Autoridades federais removeram quatro lotes e reduziram um, totalizando cerca de 4.800 acres, da venda com base em uma decisão do Interior Board of Land Appeals, incluindo habitats de tetraz-grande-das-salgueiras e tetraz-de-cauda-afiada-colombiano, bem como habitats de alta prioridade para caça maior. No entanto, muitos outros lotes com características semelhantes permaneceram na venda. A avaliação ambiental observa que as autoridades da agência imporão condições nos arrendamentos de lotes sensíveis para proteger animais, plantas, recursos culturais e peixes.

Grupos de conservação argumentam que os gestores federais de terras têm margem significativamente menor para ajustar locais de operação, adicionar condições ou cancelar arrendamentos na fase de licenciamento, e não podem remover lotes anteriormente adiados por conterem habitats de espécies sensíveis. Alison Gallensky, geógrafa de conservação da Rocky Mountain Wild, disse que durante o primeiro governo Trump, houve uma venda inicialmente proposta em uma escala muito maior, e o BLM estadual usou seu poder discricionário para adiar lotes inadequados devido a conflitos com o tetraz-grande-das-salgueiras. "Agora, eles são forçados a oferecer uma venda muito maior do que o tamanho final daquela venda", disse ela.

Gallensky observou que o tetraz-grande-das-salgueiras é extremamente sensível à infraestrutura de petróleo e gás; mesmo que o equipamento seja afastado, eles instintivamente sentem que predadores alados podem pousar nesse equipamento, afetando a reprodução. As cláusulas criadas para protegê-los, como exigir que as plataformas de poços fiquem longe dos locais de nidificação, dependem da conformidade dos operadores, mas o governo federal nem sempre tem pessoal suficiente para supervisionar.

A venda de junho dá continuidade a uma tendência iniciada no ano passado, oferecendo terras públicas em áreas remotas do estado a empresas de energia.

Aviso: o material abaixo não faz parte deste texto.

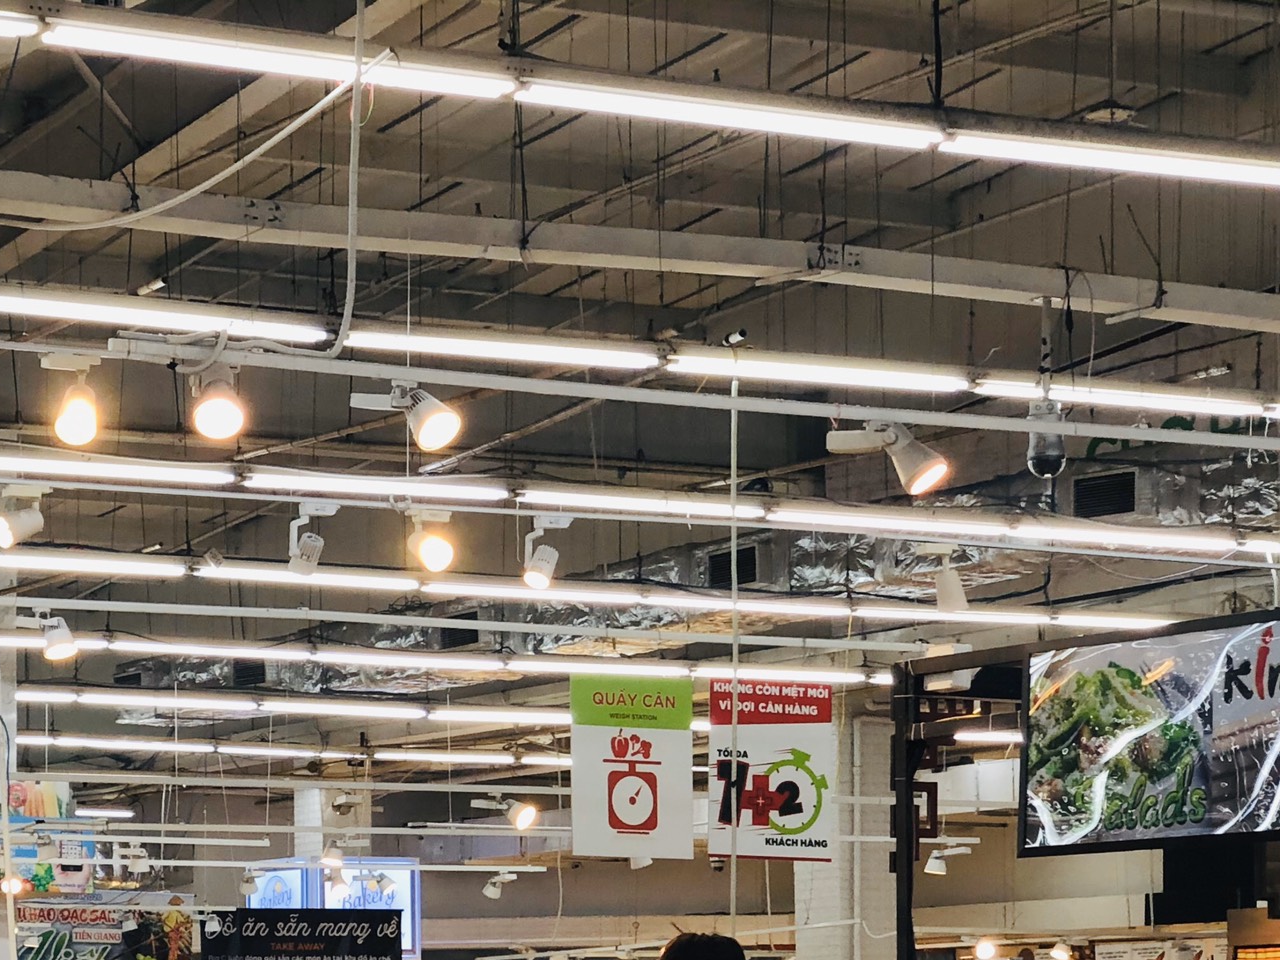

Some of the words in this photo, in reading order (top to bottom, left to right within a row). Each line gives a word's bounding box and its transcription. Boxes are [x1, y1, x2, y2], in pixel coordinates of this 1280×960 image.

[755, 682, 781, 696] CÒN
[643, 691, 676, 708] CÂN
[758, 700, 784, 714] CÂN
[785, 701, 818, 716] HÀNG
[765, 837, 797, 848] KHÁCH
[799, 837, 828, 848] HÀNG
[242, 918, 270, 937] ăn
[315, 922, 372, 945] mang
[297, 942, 326, 951] AWAY

Em setembro de 2025, a agência arrendou lotes perto do Reservatório Aurora (Aurora Reservoir), adjacente a subúrbios densamente povoados de Denver, por cerca de US$ 5,6 milhões, como parte do "Lowry Ranch Comprehensive Area Plan", que inclui mais de 150 poços já aprovados por reguladores estaduais, mas fortemente contestados por moradores.

A agência recebeu mais de 340 comentários individuais para a venda de junho, muitos instando a agência a não arrendar lotes semelhantes perto do reservatório. Moradores e grupos de conservação argumentam que as emissões do desenvolvimento de petróleo e gás nessas terras agravariam a poluição em áreas que já não atendem aos padrões federais de qualidade do ar. A agência estimou em sua análise ambiental que alguns lotes no Condado de Weld poderiam levar a até 150 poços, e grupos de conservação afirmam que as emissões agravariam a poluição atmosférica em áreas que já não atendem aos padrões nacionais. Várias organizações escreveram em uma carta de comentários de 13 de março que a sugestão do BLM de que a venda de arrendamento "não resultaria em aumento de emissões" era "completamente infundada". Autoridades federais responderam que, se as empresas solicitarem licenças de perfuração, a agência realizará uma análise de "inventário de emissões específico do projeto", incluindo detalhes como o número proposto de poços, cronograma e lista de equipamentos.

No Condado de Moffat, na encosta oeste das Montanhas Rochosas, onde a maioria dos lotes de arrendamento de junho está concentrada, representantes da comunidade destacam a necessidade de equilibrar as preocupações ambientais com a realidade econômica: o aumento dos preços dos alimentos e da gasolina afeta severamente as áreas rurais. O diretor de turismo Kleinschnitz afirmou que, nesta região escassamente povoada, onde 80% dos eleitores votaram em Trump em 2024, muitos fornecedores de equipamentos têm negócios agrícolas, alguns moradores dependem parcialmente de royalties de perfuração para viver, e a indústria da caça é crucial para manter a população. "A caça é muito importante para manter as pessoas nesta terra", disse ele. "Alguns deles recebem royalties de petróleo e gás e se beneficiam muito com isso."